• _RECORD EXCERPTS_

◆ ◆ ◆

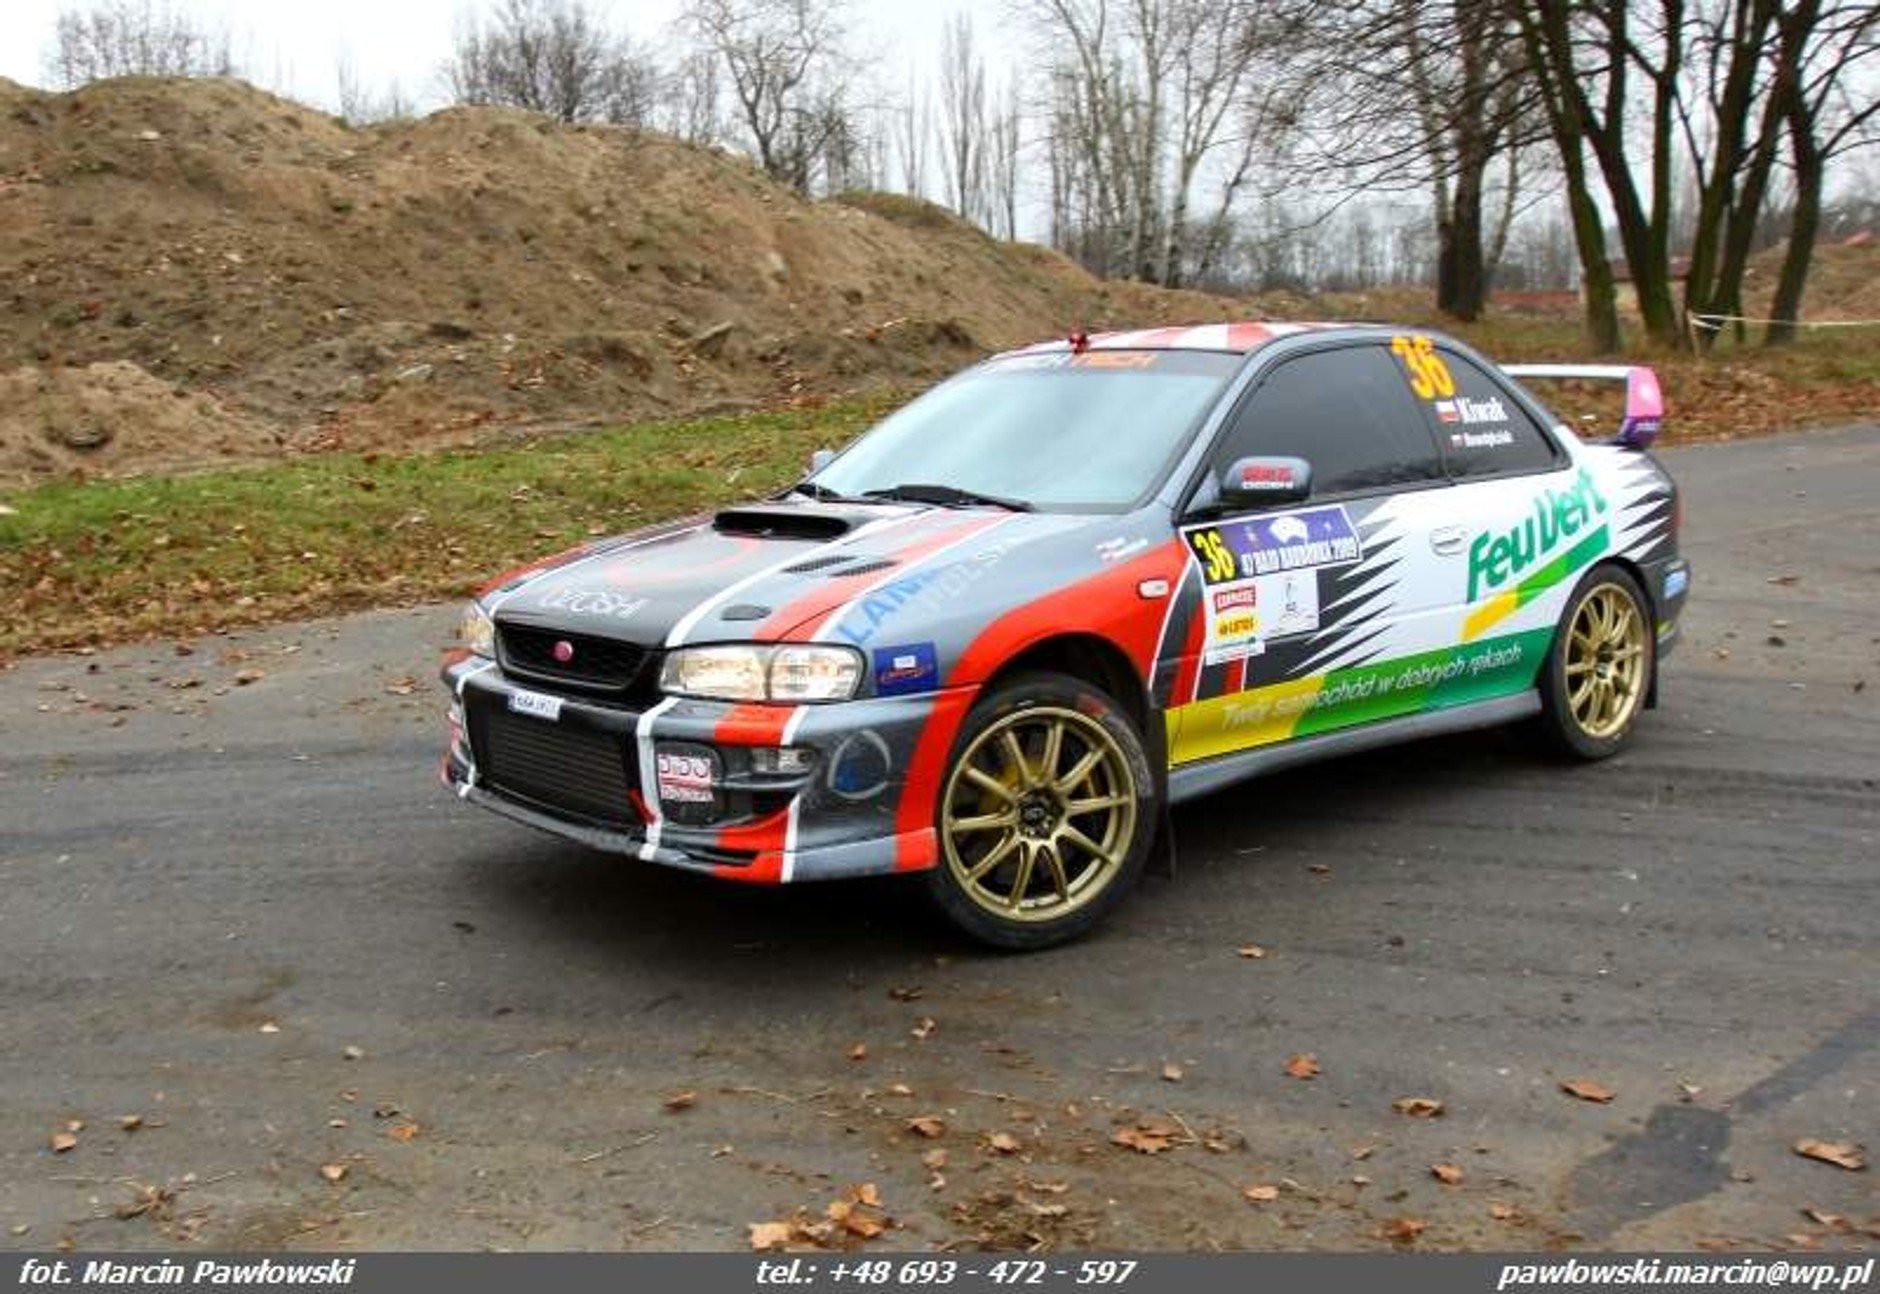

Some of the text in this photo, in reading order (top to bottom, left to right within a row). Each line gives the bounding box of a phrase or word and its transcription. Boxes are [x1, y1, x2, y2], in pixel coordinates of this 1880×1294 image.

[1391, 336, 1457, 399] 36
[1193, 530, 1237, 582] 36
[1467, 466, 1607, 604] Feu Vert
[1377, 676, 1396, 694] w
[1395, 659, 1468, 691] dobrych

◆ ◆ ◆

• _TASK BRIEF_
Do not include the images; transcribe the rest of the listing exactly.

• _ANSWER FOR THE TASK_
Some of the text in this photo, in reading order (top to bottom, left to right within a row). Each line gives the bounding box of a phrase or word and its transcription. Boxes are [x1, y1, x2, y2], in pixel coordinates of this 1880×1294 image.

[1391, 336, 1457, 399] 36
[1193, 530, 1237, 582] 36
[1467, 466, 1607, 604] Feu Vert
[1377, 676, 1396, 694] w
[1395, 659, 1468, 691] dobrych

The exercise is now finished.